Previous studies in literature focused primarily on identifying the tissue directly at the surface, assuming single-layer homogeneous tissue to be present. In this study, however, not only the top layer was examined, but we went a step further and also examined the layer below it up to 10 mm in depth. To do this, we combined DRS features from two different source-detector fiber distances (2 and 6 mm) to retrieve information from both superficial and deeper sampling depths. The combination of tissue type and thickness of the first two layers is incredibly valuable information and can be used to provide intra-operative guidance for surgeons in order to achieve accurate resection margins and preserving healthy tissue as much as possible. In addition, Baltussen et al. examined the influence of tumor depth from the measurement surface on the classification accuracy when assuming one homogeneous tissue volume33. They showed that the classification accuracy drops from a tumor depth of 1.5 mm, using a fiber distance of 2 mm. The two-layer approach and the combination of multiple fiber distances proposed in this study may be a solution for this issue.

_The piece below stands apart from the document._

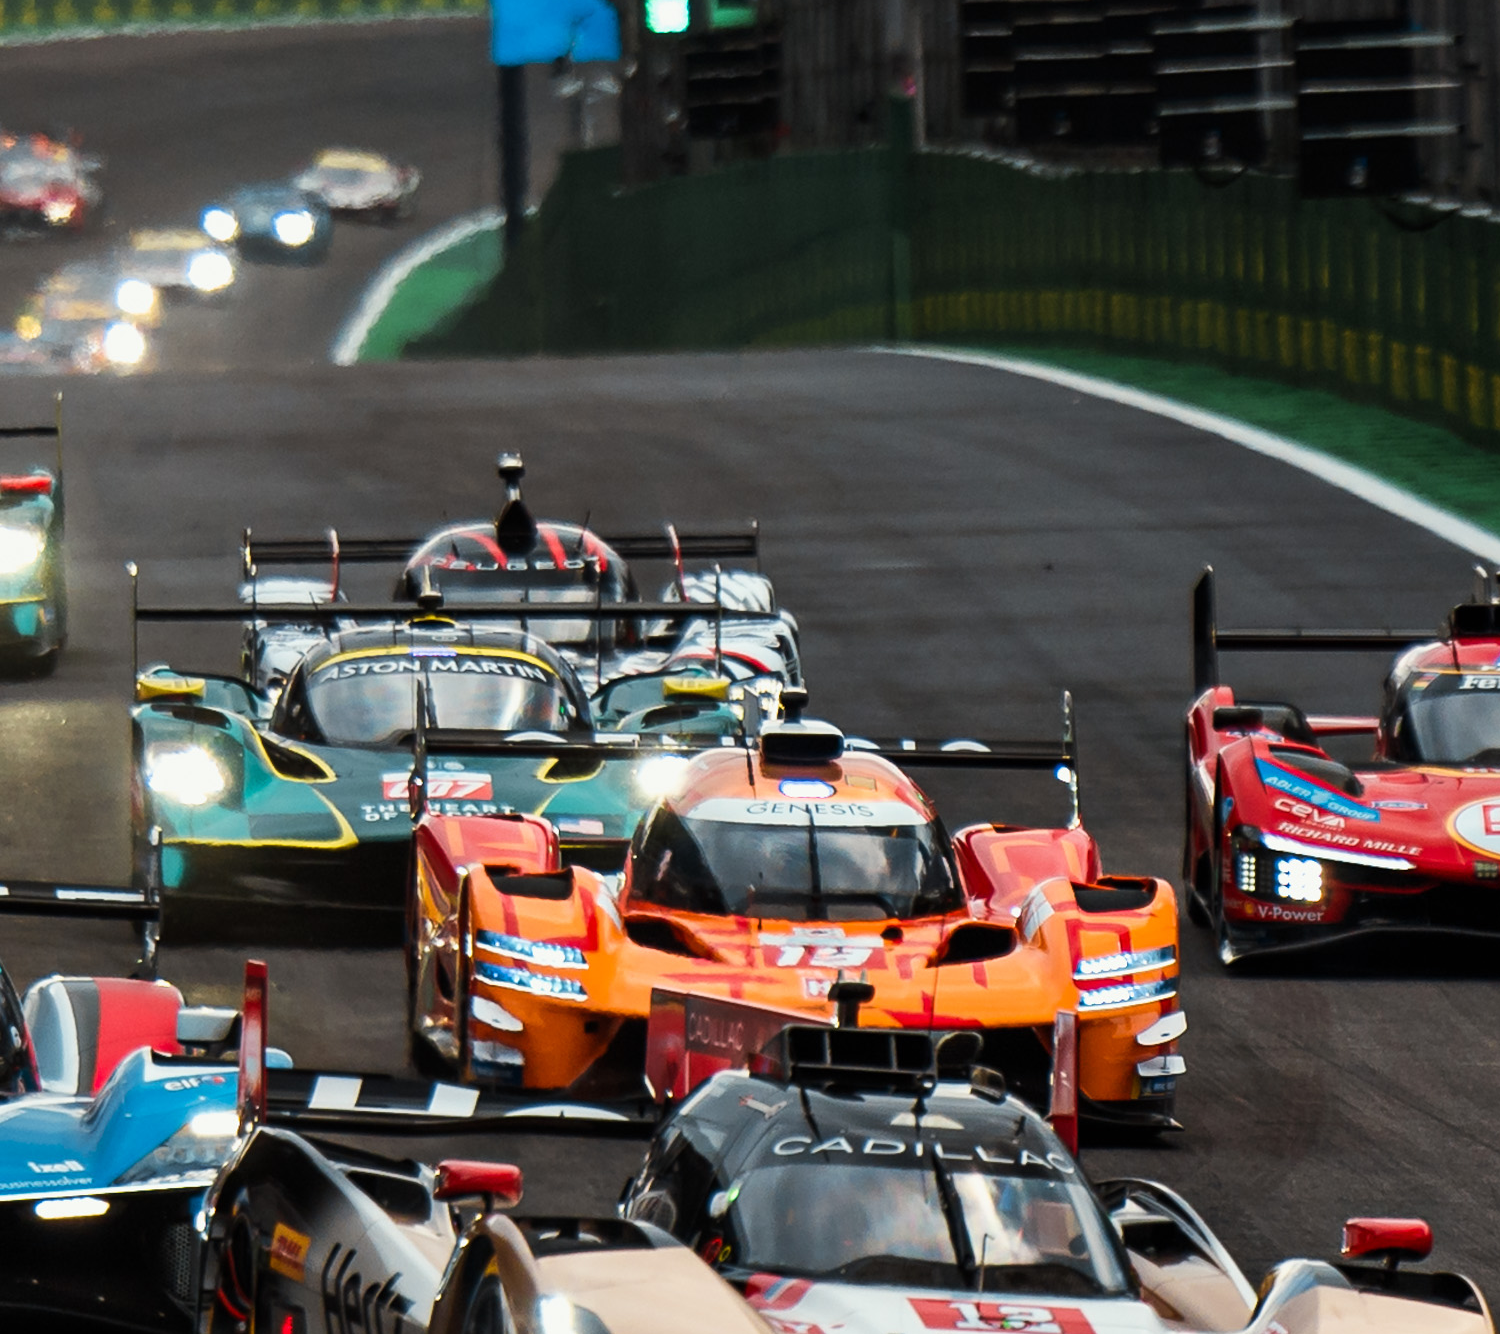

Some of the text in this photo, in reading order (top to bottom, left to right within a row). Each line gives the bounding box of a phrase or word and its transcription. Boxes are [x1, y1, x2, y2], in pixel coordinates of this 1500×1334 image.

In this study, two different experiments using a phantom and animal tissue samples were performed to examine the algorithm performance. However, it still concerned simple set-ups to investigate the feasibility of our proposed two-layer approach in a controlled situation. Animal fat and muscle tissue samples were examined, which may optically differ only slightly from human fat and muscle tissue. In addition, in clinical practice, more tissue types will be encountered, the tissue layers will be more heterogeneous and the boundaries on the US image might be less clear. Ultimately, the challenge will be to distinguish tumor tissue from multiple types of healthy tissue. The next step would, therefore, be to test the performance of our two-layer approach and developed algorithms in a more realistic situation with surgically excised tissue (ex vivo study) before our method can be used in in vivo clinical practice. When retraining the developed models for this new situation and dataset, the models will also take into account any differences in chromophore concentration within one tissue type between different patients during the layer thickness prediction. The proof of concept presented in this study, in particular the framework for layer thickness prediction and layer classification, can be extended to other tissue types and other medical and non-medical applications.

Conclusion

We introduced a new pipeline for predicting the top layer thickness and classifying the layers in two-layered phantom and animal tissue using diffuse reflectance spectroscopy. The top layer thickness was predicted with an accuracy of up to 0.35 ± 0.33 mm and the tissue type of the first and second layer could be classified with an accuracy of 0.95 and 0.99, respectively. These results show the potential of the proposed technique in revealing more complex tissue architectures and extract information from larger sampling depths. An ex vivo study in which more tissue types will be encountered is the next step towards reaching the ultimate goal of evaluating resection margins up to multiple millimeters in depth during oncological surgery.